サカタカツミのブログ。連載のサブノートが中心。すべての働く人たちに。役に立つ話も立たない話もあり。

いまできることを全力で。

一定の年齢になると、それまでは考えもしなかったことが、頭をよぎる。例えば、時間に関して。当たり前だが有限で平等で過去は修正できないし未来は約束されていないのだけれども、その大事さに気がつくのはずっと後のことだ、ということに思いをはせる自分がいて、信じられないくらい驚いてしまう。もっとしておけばよかったなどと自分が後悔するなんてもまったくもって動揺してしまう。だからどうということもないが。

同志社大学神学部

同志社大学神学部

 

他の人の青春時代を覗き見するのはとても楽しい。著者のことは地名度の割にはよく知らない。評価が分かれている人であることは理解している、あとは報道で聞きかじったくらいのことだ。ただ、この本は素晴らしい。学生時代に酒を飲んでいて、というおきまりのフォーマットなのだが、そこに流れている時間がうんざりするほど濃密で、うらやましくなるほど考え、そして学んでいる。知を吸い込む音が聞こえてくるくらいだ。

自分にそういう時代、いや、大げさだ、時期があったのか、と聞かれるとなかったとは言い切れない。しかし「あったよ」と、さりげなくけれども胸を張っていうほどの自信もない。極めて曖昧で、そして、ごくフツーの時間なので、卑下する必要もないのだけれども、他人を羨んでしまう程度のものであることに、ちょっとがっかりしてしまうのだ。濃いだけが人生ではない。けれども、薄いのはやっぱり嫌だなと。でも戻れない。
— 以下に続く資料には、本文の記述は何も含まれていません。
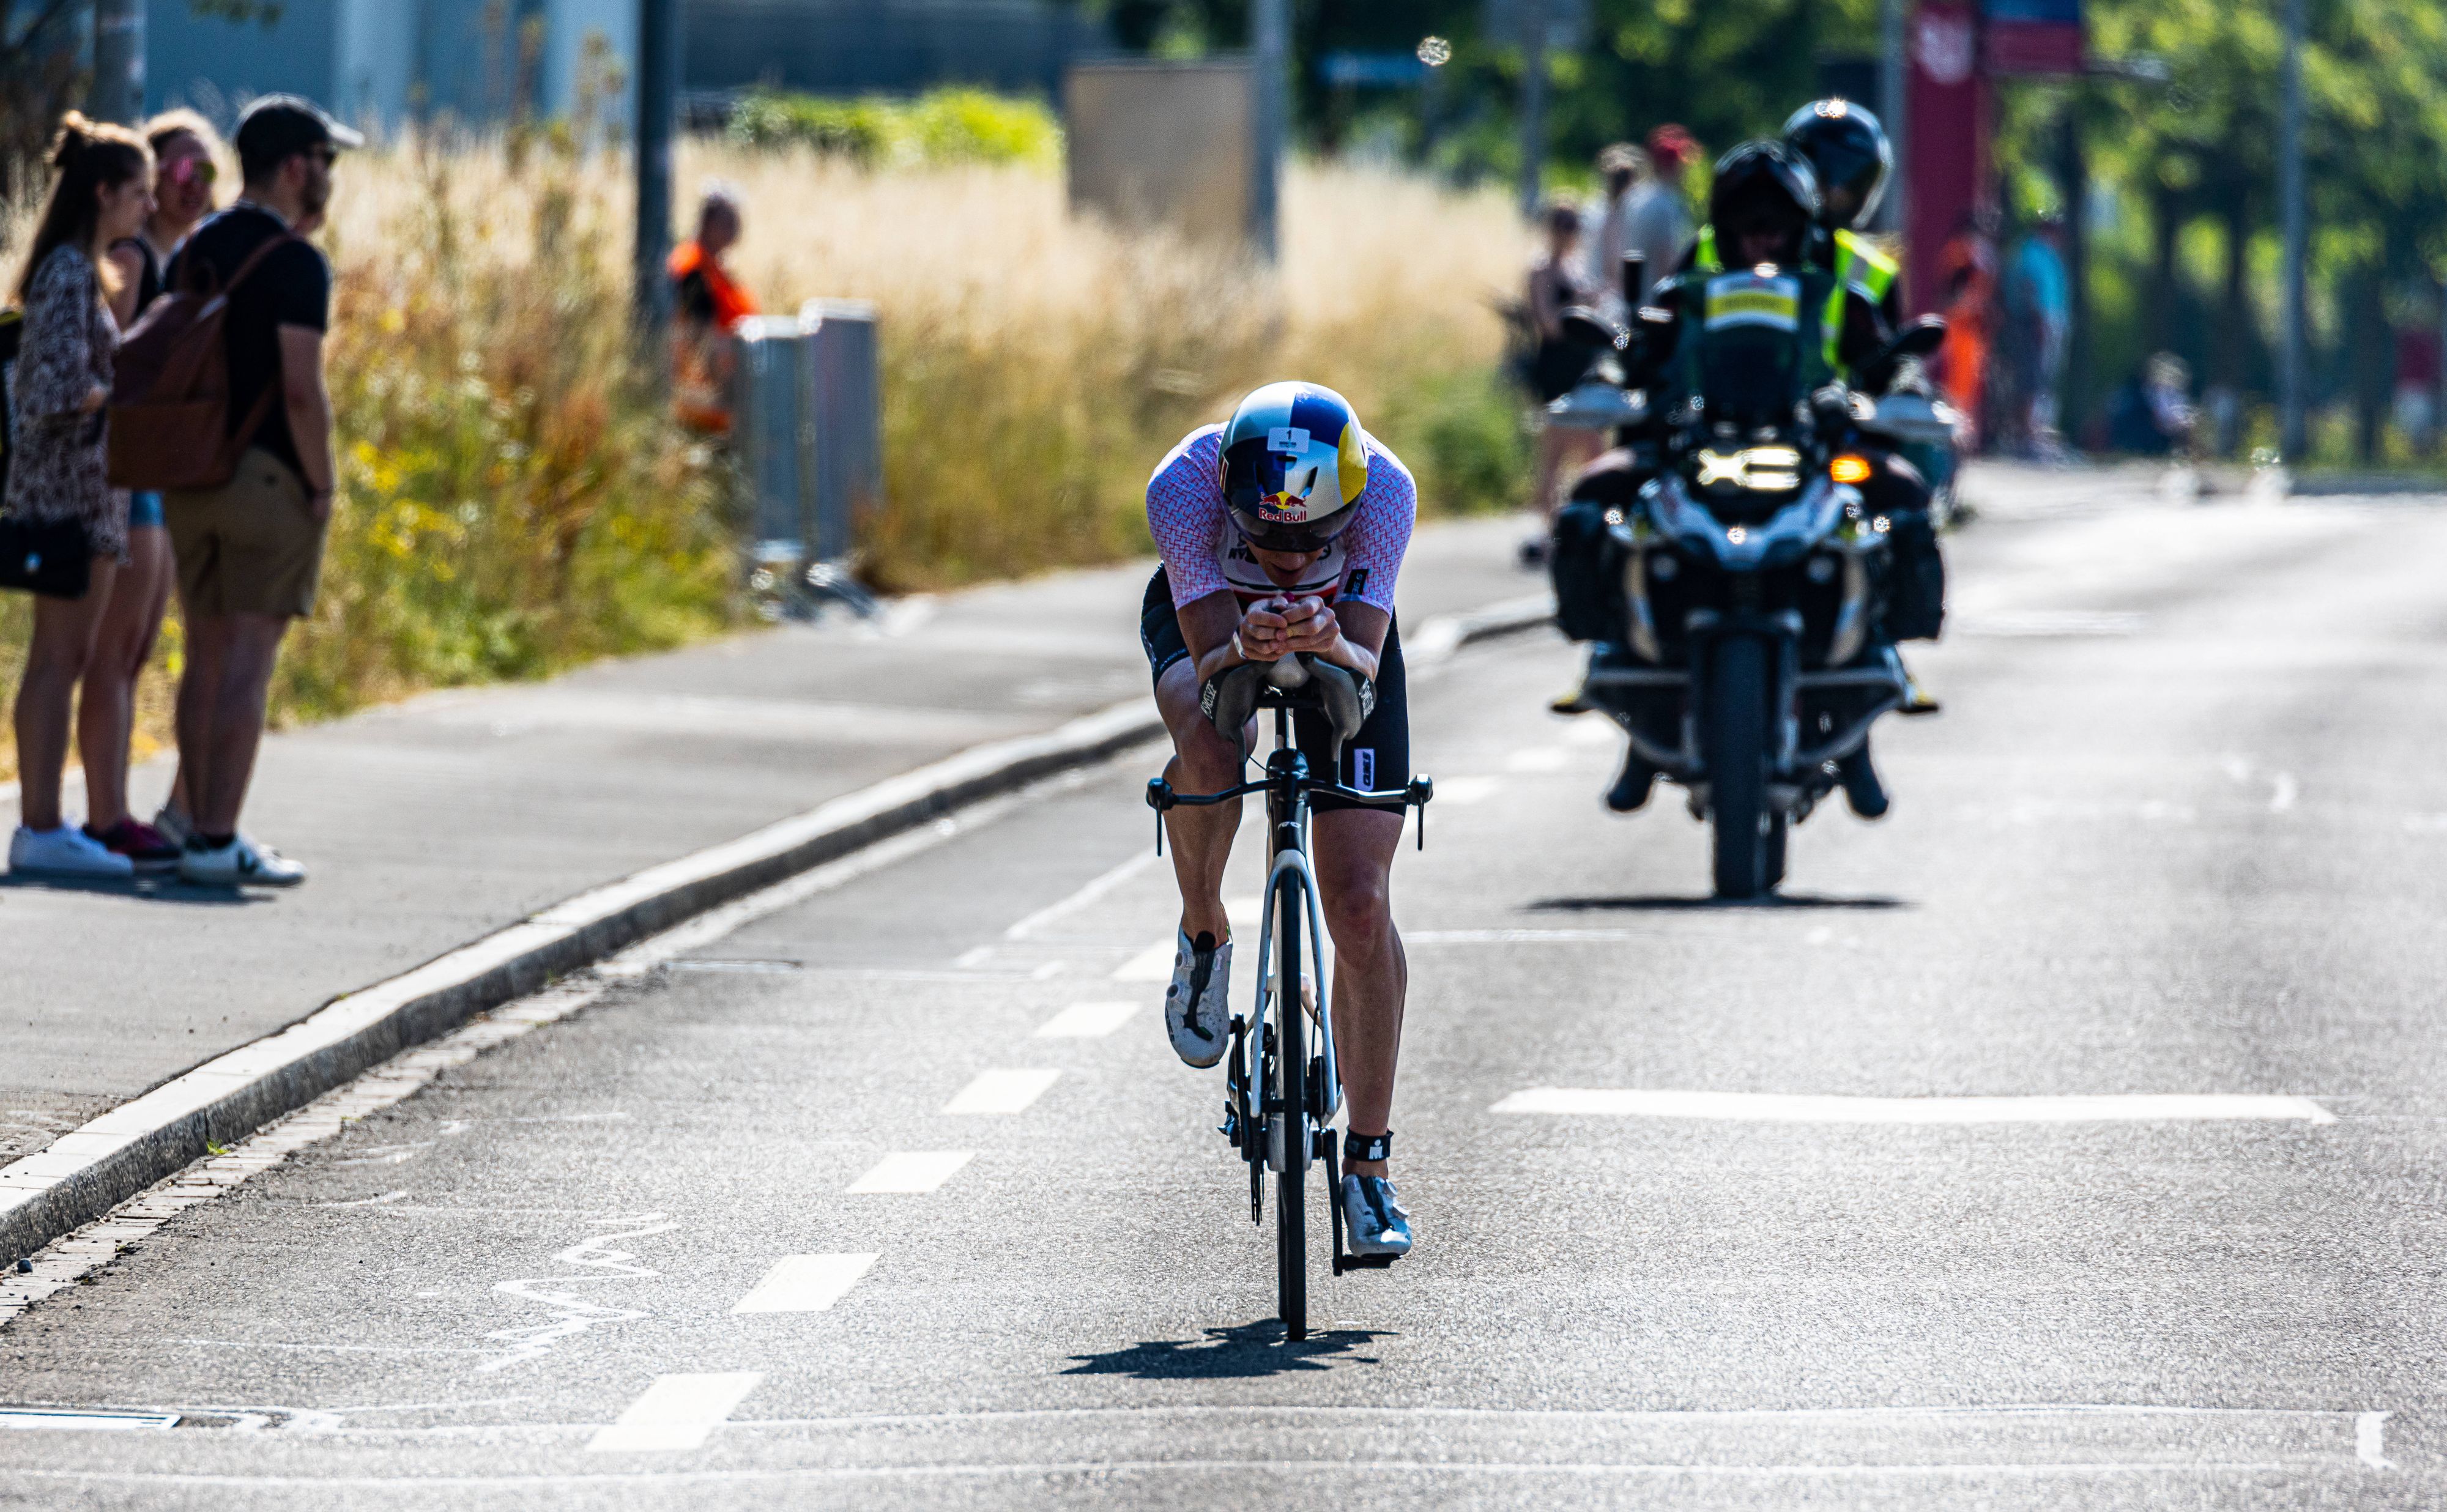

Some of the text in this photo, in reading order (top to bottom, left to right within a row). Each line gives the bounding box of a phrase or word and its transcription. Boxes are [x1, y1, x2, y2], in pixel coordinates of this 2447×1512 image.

[1286, 429, 1292, 440] 1
[1259, 507, 1307, 522] Red Bull
これからでも遅くない、という程度でなにか学ぼうと思っても、それくらいの動機では自分自身にしっかりと根を下ろしてしまっている日常には抗えない。もっと純粋で、強い動機があるにこしたことはない。この本を読むと「うわ、勉強したい。いろいろと学んでみたい」とクッキリと、それこそ、焦りにも似た気持ちが芽生えてくる。失った時間を取り戻すことはできないけれど、これからの時間を失うことは、まだ回避できる。